今年2023年7月、国連のグテーテル事務総長が「もはや地球温暖化(global warming)ではなく地球沸騰(global boiling)だ」と述べ話題となった。今後より激しさを増すといわれている気候変動。暑さも寒さもエアコンのスイッチをひとつ押すだけで簡単にコントロールできてしまう現代だが、気候変動の危機を前にした私たちにとっては、季節の変化に目を向けて自然と共に歩む視点を持つことが大切かもしれない。

古くから「二十四節気、七十二候」というように、日本にはそれぞれに二十四、七十二の四季以上の季節の変化を表す言葉が存在している。季節を感じるヒントは、日常に隠れている。例えば秋は「紅葉を見る」「松茸を食べる」といったことだけではなく、「朝のひかり」や「鳥の鳴き声」など、生活の些細なことでも、古来の人々は夏を感じてきた。
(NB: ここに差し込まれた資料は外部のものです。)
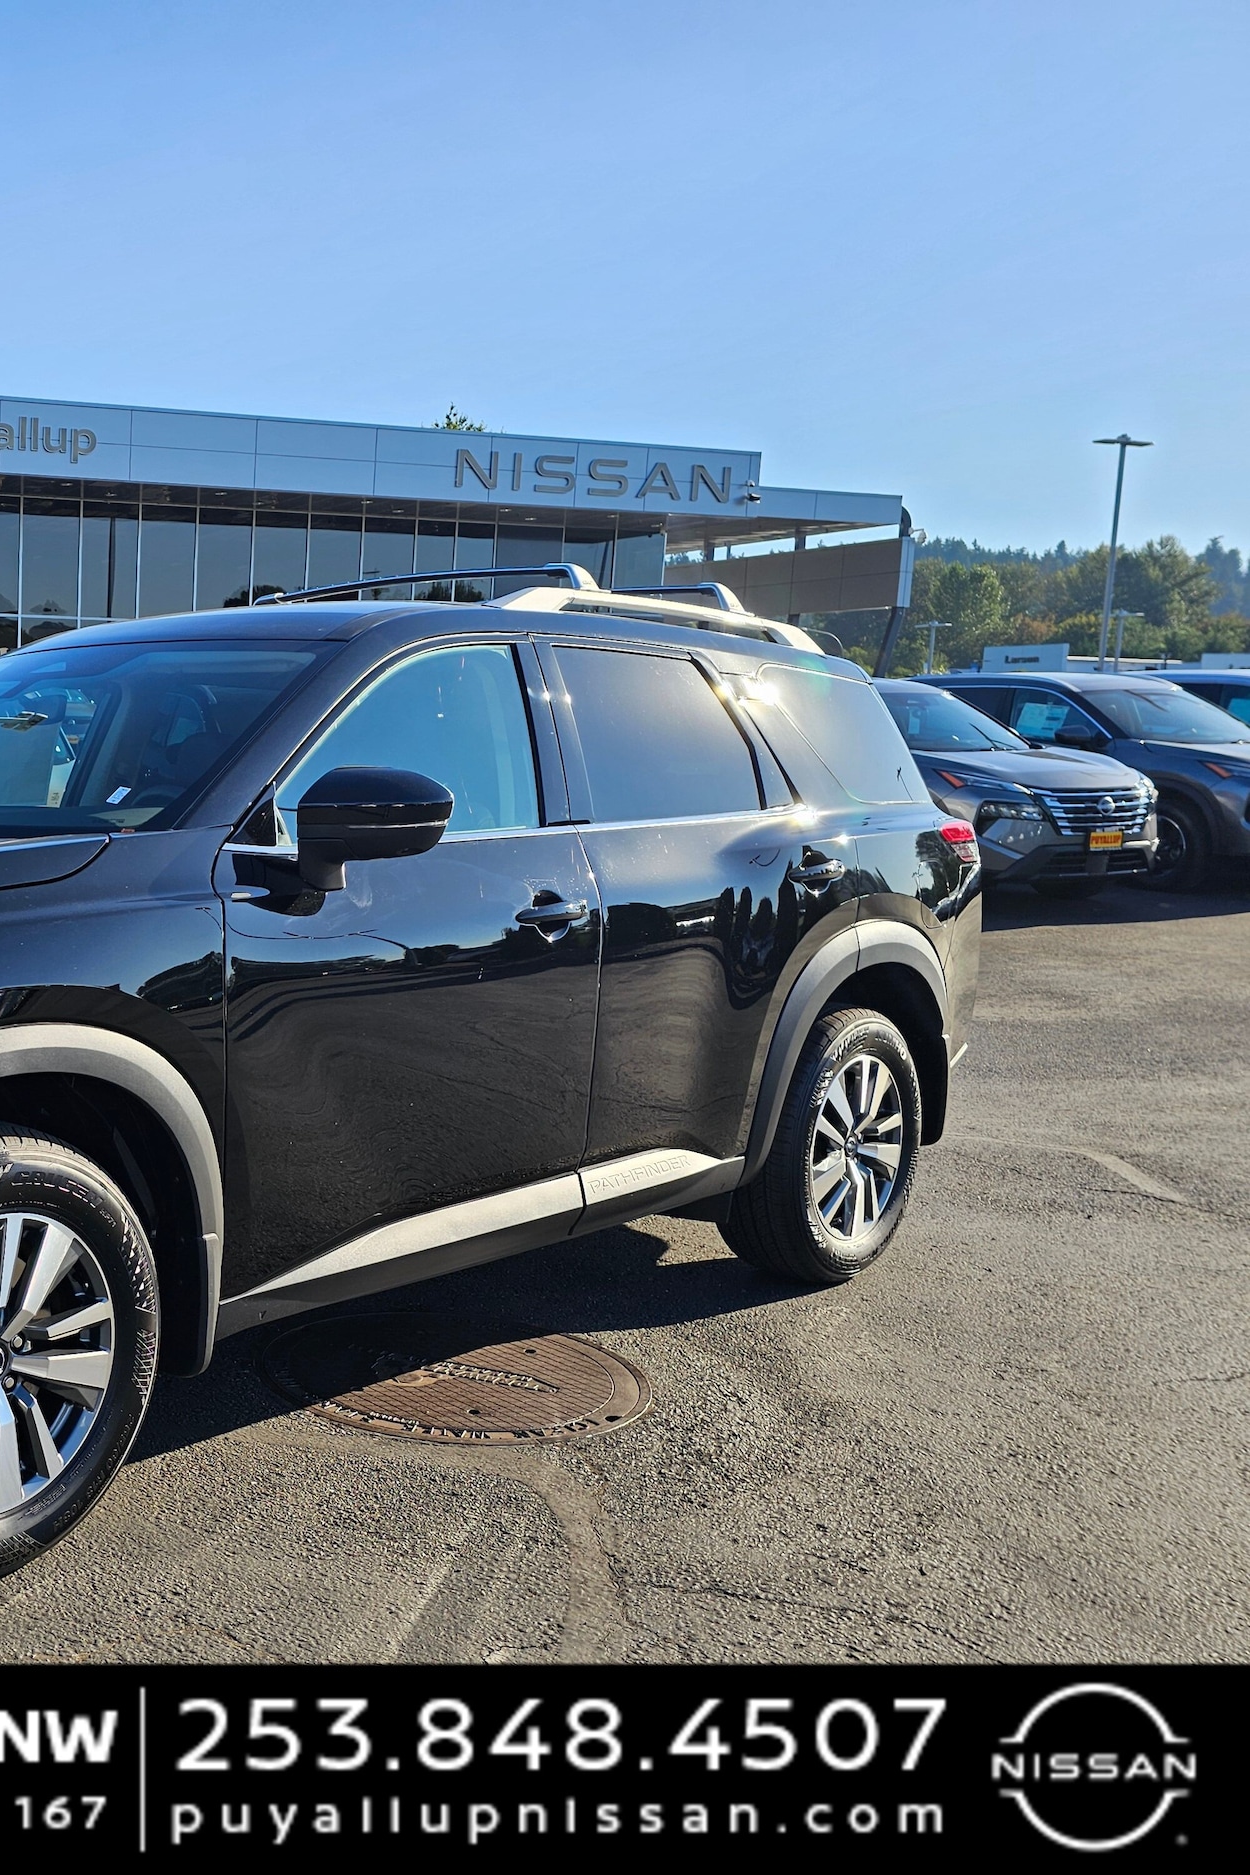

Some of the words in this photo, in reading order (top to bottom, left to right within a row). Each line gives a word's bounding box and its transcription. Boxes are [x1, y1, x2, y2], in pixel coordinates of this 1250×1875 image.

[455, 448, 732, 503] NISSAN
[1091, 834, 1121, 844] PUYALLUP
[587, 1154, 692, 1194] PATHFINDER
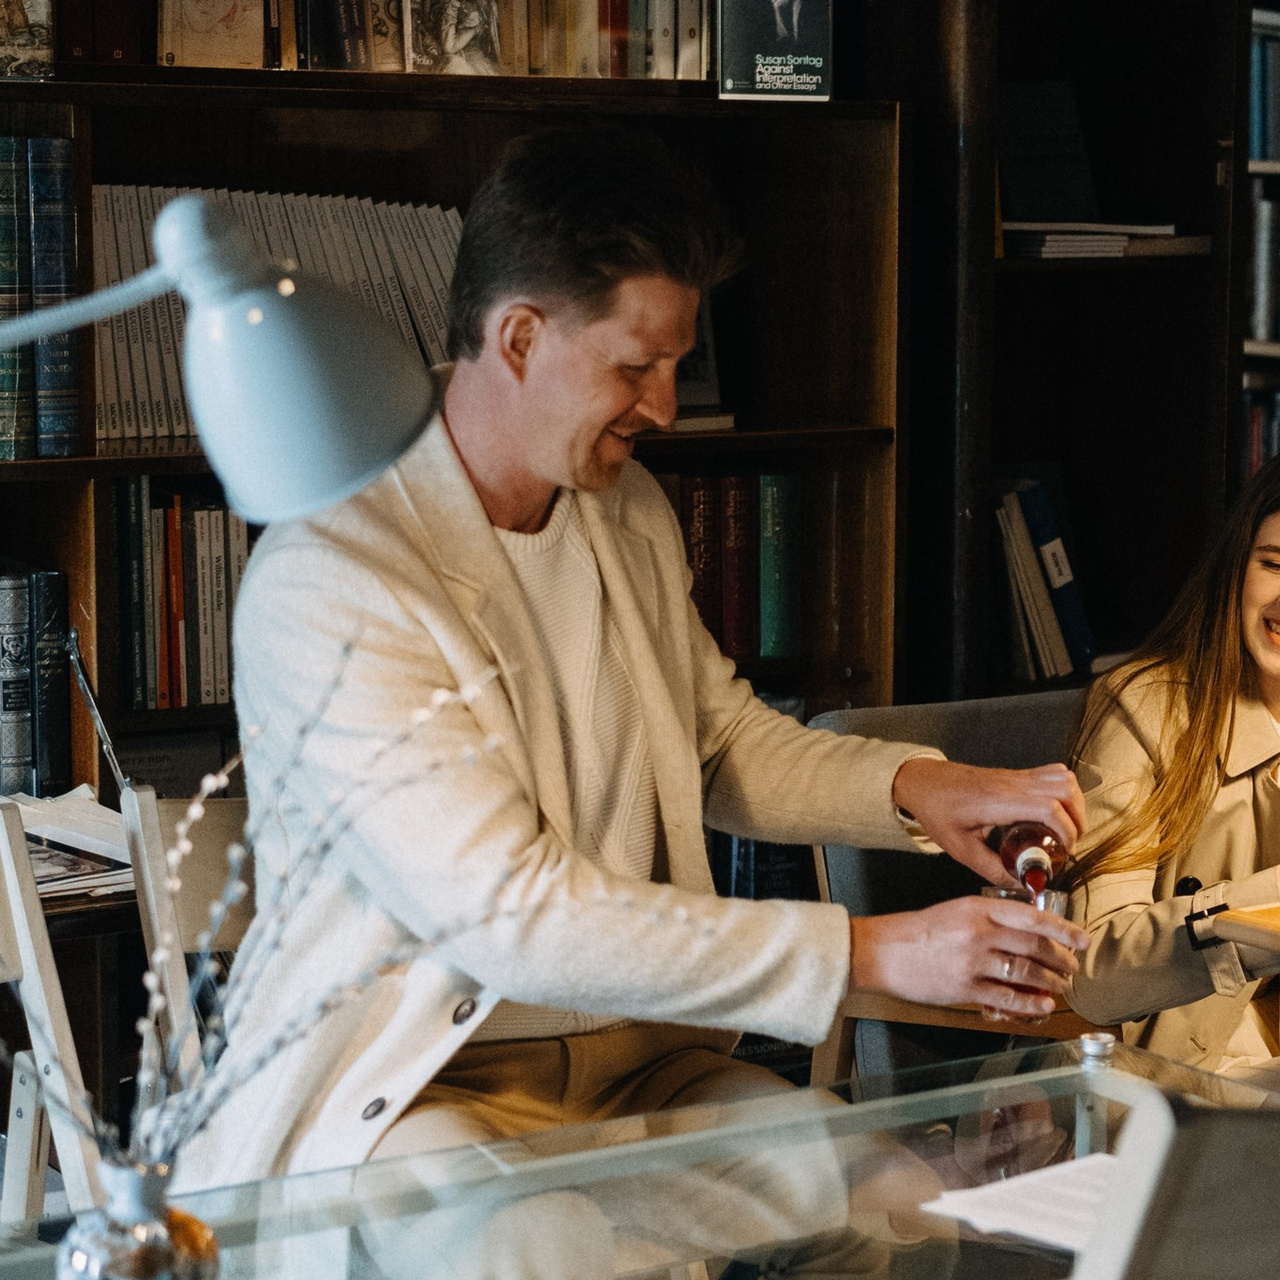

季節の変化に目を向けて共に歩む視点を持つことも、今の私たちに必要なことかもしれない

二十四節気では、9月初旬を「白露」(はくろ)と呼ぶ。夜の大気が冷えることで朝露が白く濃くなり、秋の気配が感じられる頃だからだ。霜が降りると晴れるということわざがある。

森林浴とまではいかなくとも、木や植物の茂った公園は都会にも多く存在している。

夜更かしして動画配信を見続けたい気持ちもある。だが、熱帯夜に遅くまでクーラーや電気をつける生活では、人間のエネルギーも、電気のエネルギーも限界がある。涼しい時間に、まずは外にでて、朝露を探しにいくのもいいかもしれない。